Phrase grounding data:
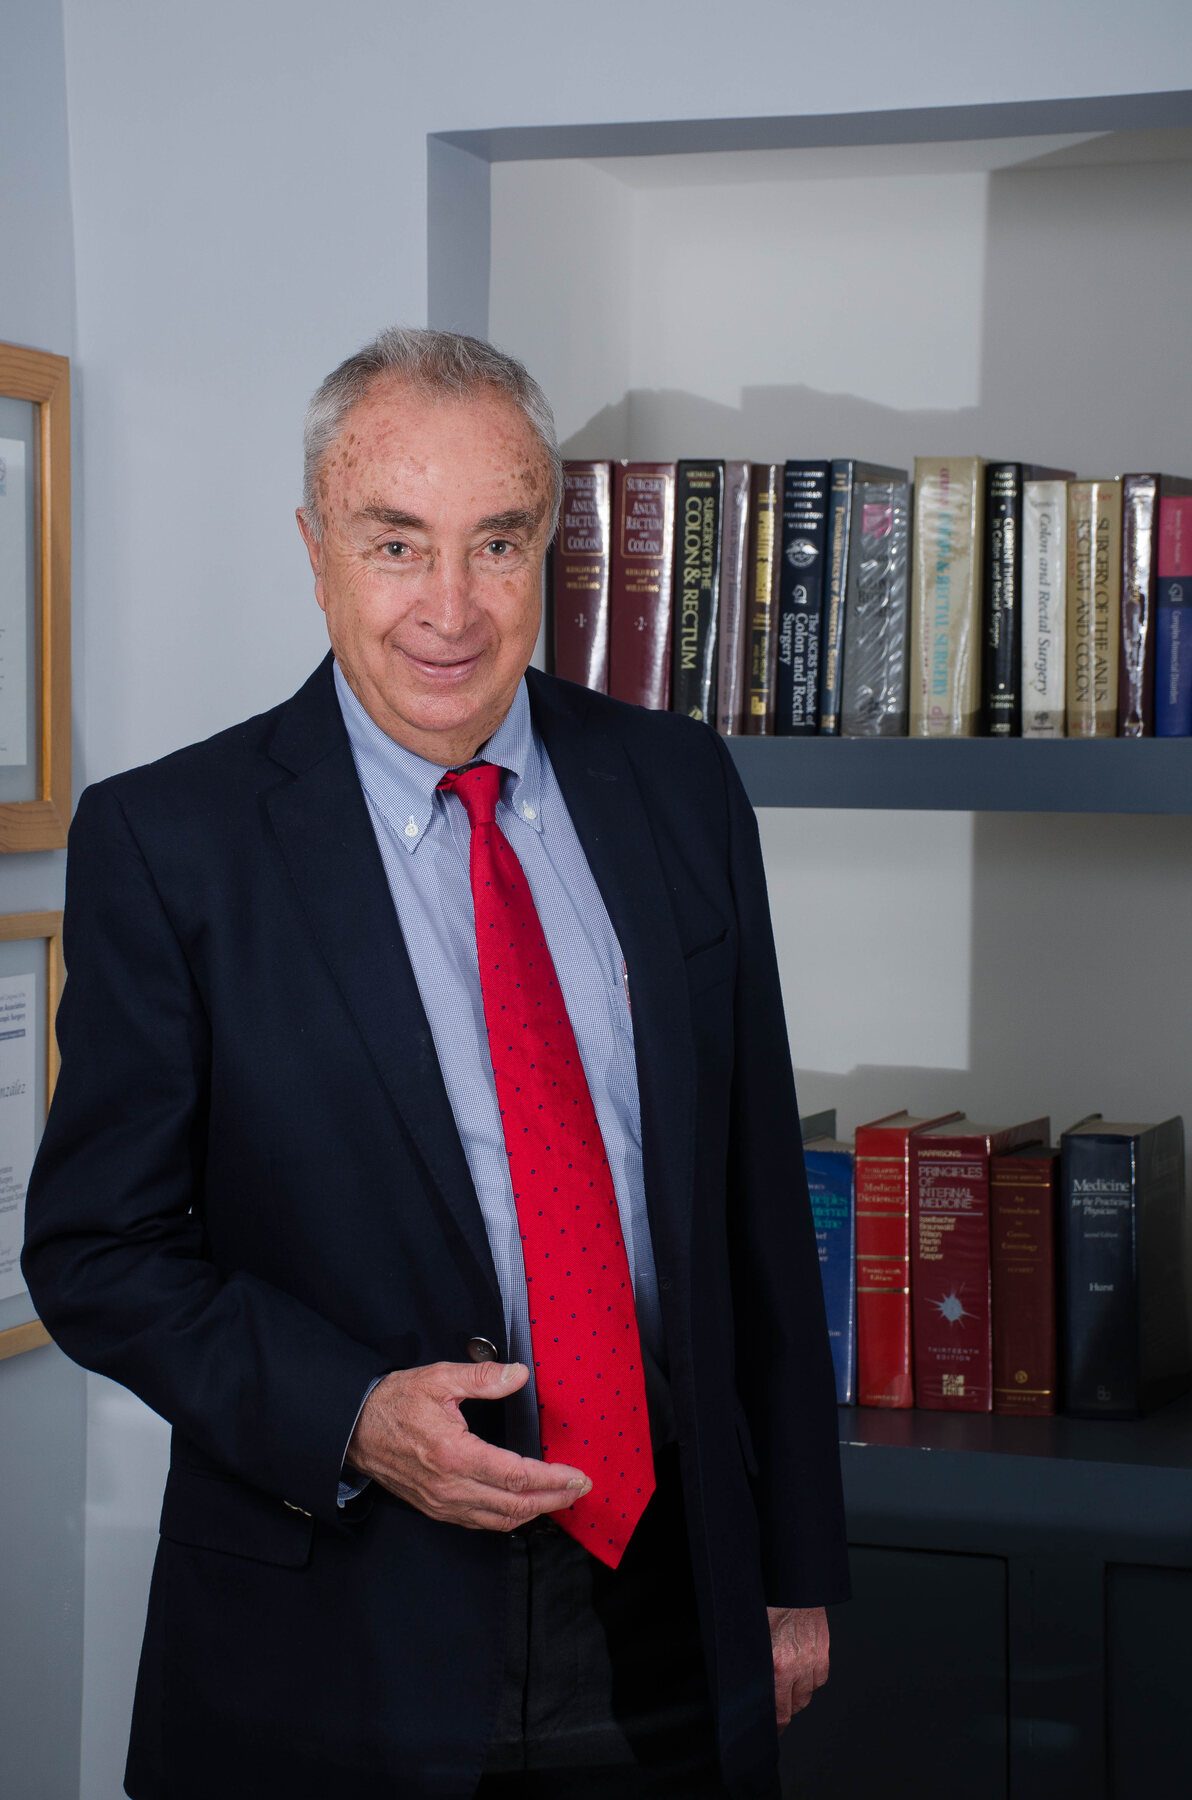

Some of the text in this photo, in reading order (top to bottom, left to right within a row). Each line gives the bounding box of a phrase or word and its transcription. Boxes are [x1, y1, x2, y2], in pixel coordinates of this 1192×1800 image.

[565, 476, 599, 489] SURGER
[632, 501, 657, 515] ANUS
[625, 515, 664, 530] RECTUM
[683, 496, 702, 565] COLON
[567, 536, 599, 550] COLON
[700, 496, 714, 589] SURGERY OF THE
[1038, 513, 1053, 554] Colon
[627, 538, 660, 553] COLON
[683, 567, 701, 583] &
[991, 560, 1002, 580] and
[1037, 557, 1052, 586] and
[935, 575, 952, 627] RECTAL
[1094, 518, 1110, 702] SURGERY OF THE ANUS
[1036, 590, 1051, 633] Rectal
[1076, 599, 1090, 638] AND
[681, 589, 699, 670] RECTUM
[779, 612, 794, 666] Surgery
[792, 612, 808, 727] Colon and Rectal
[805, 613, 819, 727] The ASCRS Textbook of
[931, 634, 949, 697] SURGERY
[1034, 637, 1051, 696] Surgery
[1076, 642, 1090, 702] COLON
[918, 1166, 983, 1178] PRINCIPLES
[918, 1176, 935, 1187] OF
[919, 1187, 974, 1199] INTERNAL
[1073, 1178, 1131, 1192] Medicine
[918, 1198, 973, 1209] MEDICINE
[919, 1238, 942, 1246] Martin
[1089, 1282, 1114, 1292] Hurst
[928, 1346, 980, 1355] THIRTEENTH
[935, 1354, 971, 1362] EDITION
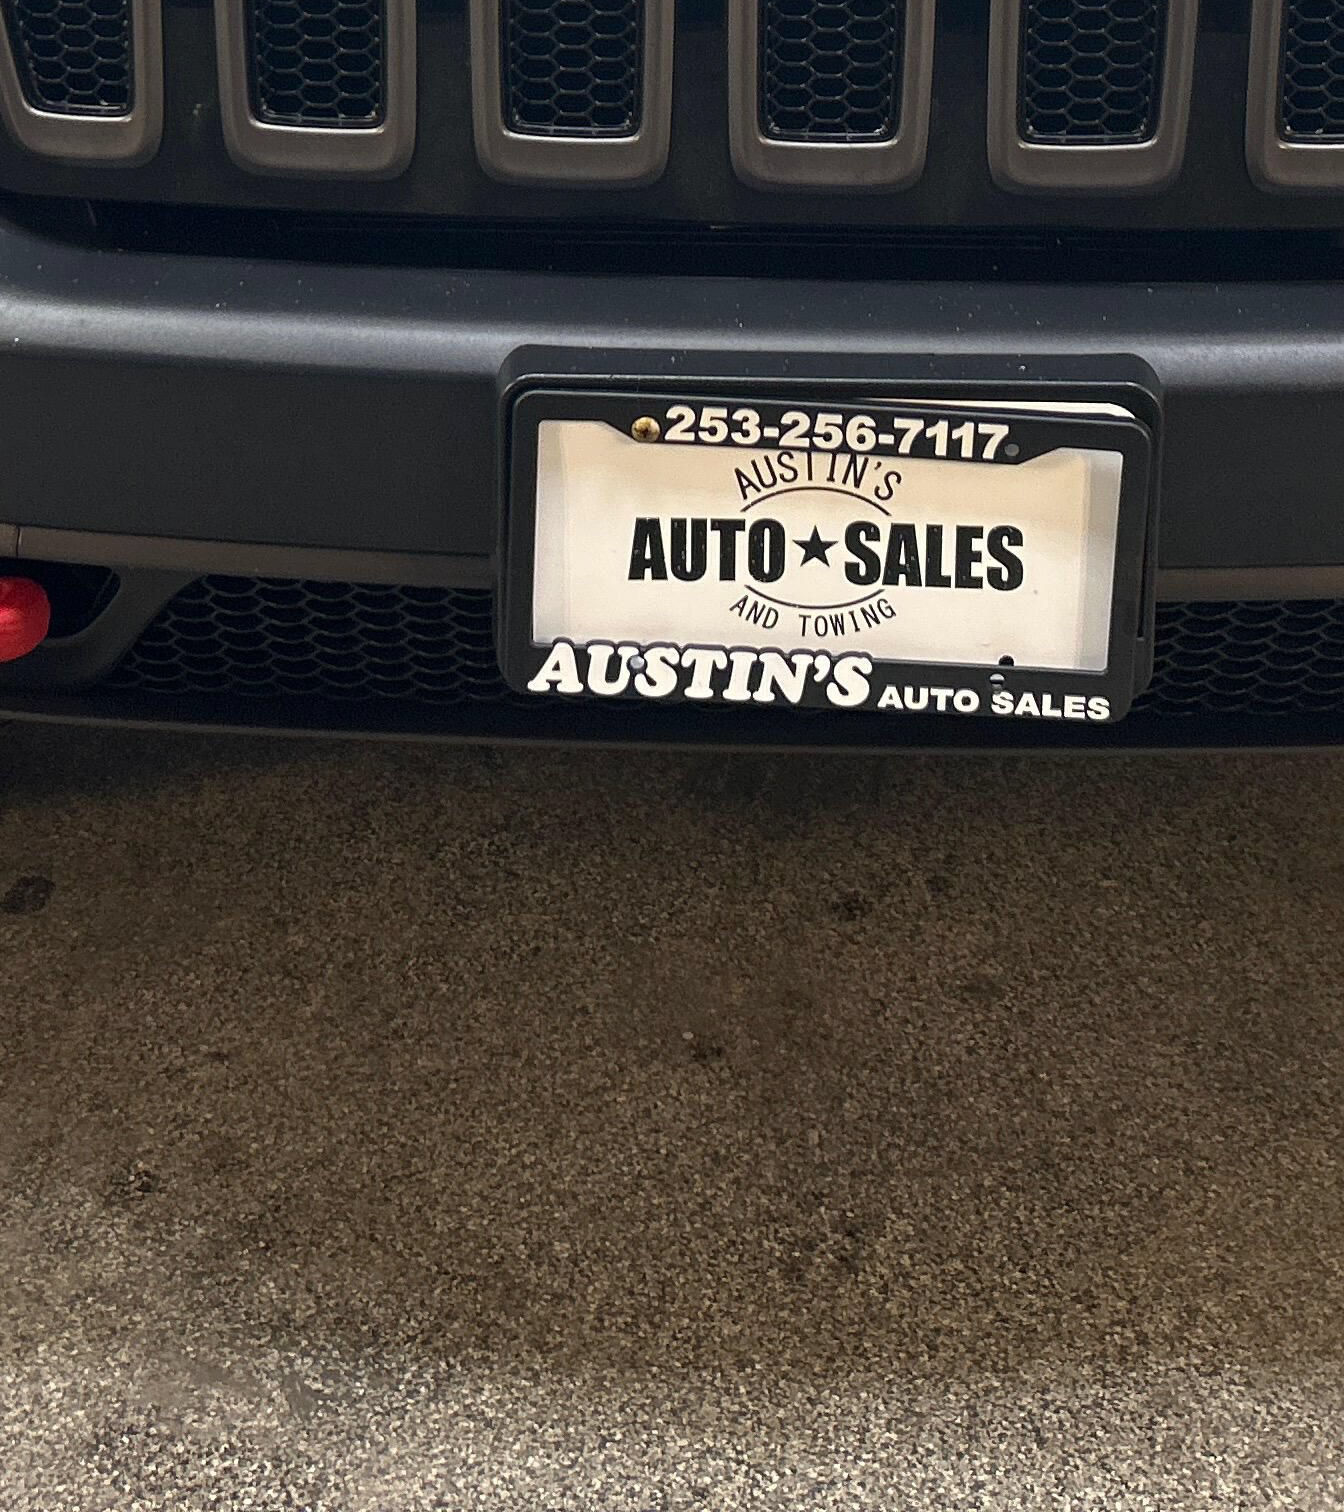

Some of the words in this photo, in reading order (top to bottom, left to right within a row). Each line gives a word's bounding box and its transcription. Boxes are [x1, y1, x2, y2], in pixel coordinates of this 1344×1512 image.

**TASK GOAL:** Could you write all the entries out again exactly, but without their pictures?

**TASK RESULT:**
Some of the text in this photo, in reading order (top to bottom, left to right within a row). Each line gives the bounding box of a phrase or word and its transcription. Boxes are [x1, y1, x2, y2], in pixel coordinates of this 1192×1800 image.

[565, 476, 599, 489] SURGER
[632, 501, 657, 515] ANUS
[625, 515, 664, 530] RECTUM
[683, 496, 702, 565] COLON
[567, 536, 599, 550] COLON
[700, 496, 714, 589] SURGERY OF THE
[1038, 513, 1053, 554] Colon
[627, 538, 660, 553] COLON
[683, 567, 701, 583] &
[991, 560, 1002, 580] and
[1037, 557, 1052, 586] and
[935, 575, 952, 627] RECTAL
[1094, 518, 1110, 702] SURGERY OF THE ANUS
[1036, 590, 1051, 633] Rectal
[1076, 599, 1090, 638] AND
[681, 589, 699, 670] RECTUM
[779, 612, 794, 666] Surgery
[792, 612, 808, 727] Colon and Rectal
[805, 613, 819, 727] The ASCRS Textbook of
[931, 634, 949, 697] SURGERY
[1034, 637, 1051, 696] Surgery
[1076, 642, 1090, 702] COLON
[918, 1166, 983, 1178] PRINCIPLES
[918, 1176, 935, 1187] OF
[919, 1187, 974, 1199] INTERNAL
[1073, 1178, 1131, 1192] Medicine
[918, 1198, 973, 1209] MEDICINE
[919, 1238, 942, 1246] Martin
[1089, 1282, 1114, 1292] Hurst
[928, 1346, 980, 1355] THIRTEENTH
[935, 1354, 971, 1362] EDITION

Some of the words in this photo, in reading order (top to bottom, left to right within a row). Each line gives a word's bounding box and its transcription. Boxes are [x1, y1, x2, y2], in pixel coordinates of this 1344×1512 image.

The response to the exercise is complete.